Für Philipp Lahm und Co. macht sogar die Politik eine Pause: Wenn die deutsche Nationalmannschaft am Freitagnachmittag ihr zweites WM-Spiel gegen Serbien bestreitet, steht der Bundestag in Berlin vermutlich still.

Eigentlich ist bis 15.05 Uhr eine Plenarsitzung angesetzt, doch wenn es um das Nationalteam geht, herrscht unter den Parteien eine seltene Einigkeit.

"Es gibt interfraktionelle Bemühungen, die Plenarberatungen am Freitag so rechtzeitig zum Abschluss zu bringen, dass alle fußballbegeisterten Abgeordneten - ohne das Risiko einer spontanen namentlichen Abstimmung fürchten zu müssen - das Fußballspiel verfolgen können", sagte Bundestagspräsident Norbert Lammert.

Die Sportausschuss-Vorsitzende Dagmar Freitag erklärte, für ihr Büro sei es "geradezu eine Pflicht, das Spiel zu gucken".
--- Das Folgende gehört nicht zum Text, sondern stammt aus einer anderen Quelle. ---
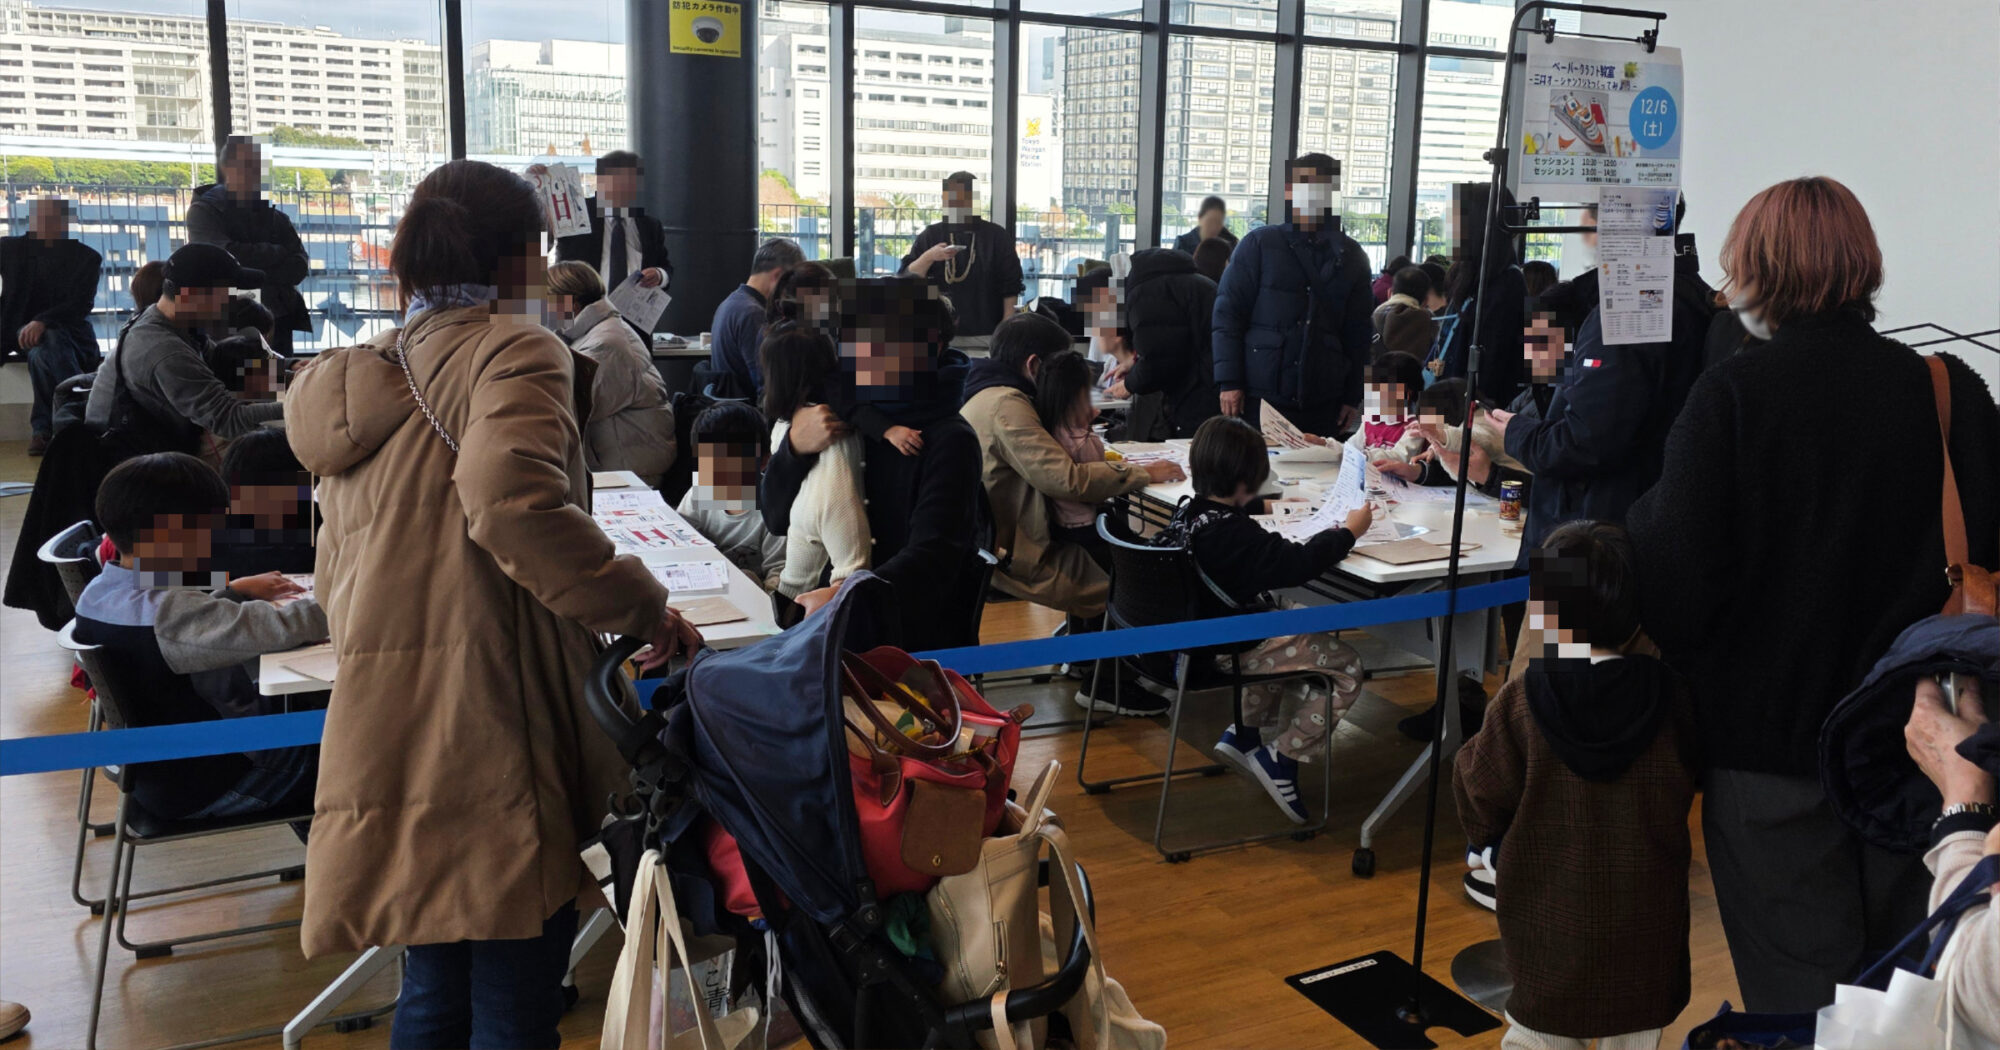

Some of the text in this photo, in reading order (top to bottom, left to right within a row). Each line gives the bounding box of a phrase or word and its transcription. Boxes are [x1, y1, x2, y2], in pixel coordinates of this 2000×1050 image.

"Der Fußball hat derzeit fast eine gleichwertige Bedeutung wie die Politik. Ich glaube, die Bürger haben Verständnis dafür, dass auch die Politiker die Spiele der deutschen Mannschaft sehen wollen", sagte das SPD-Mitglied. Ihre Fraktion überlege sogar, im Fraktionssaal eine große Leinwand aufzustellen.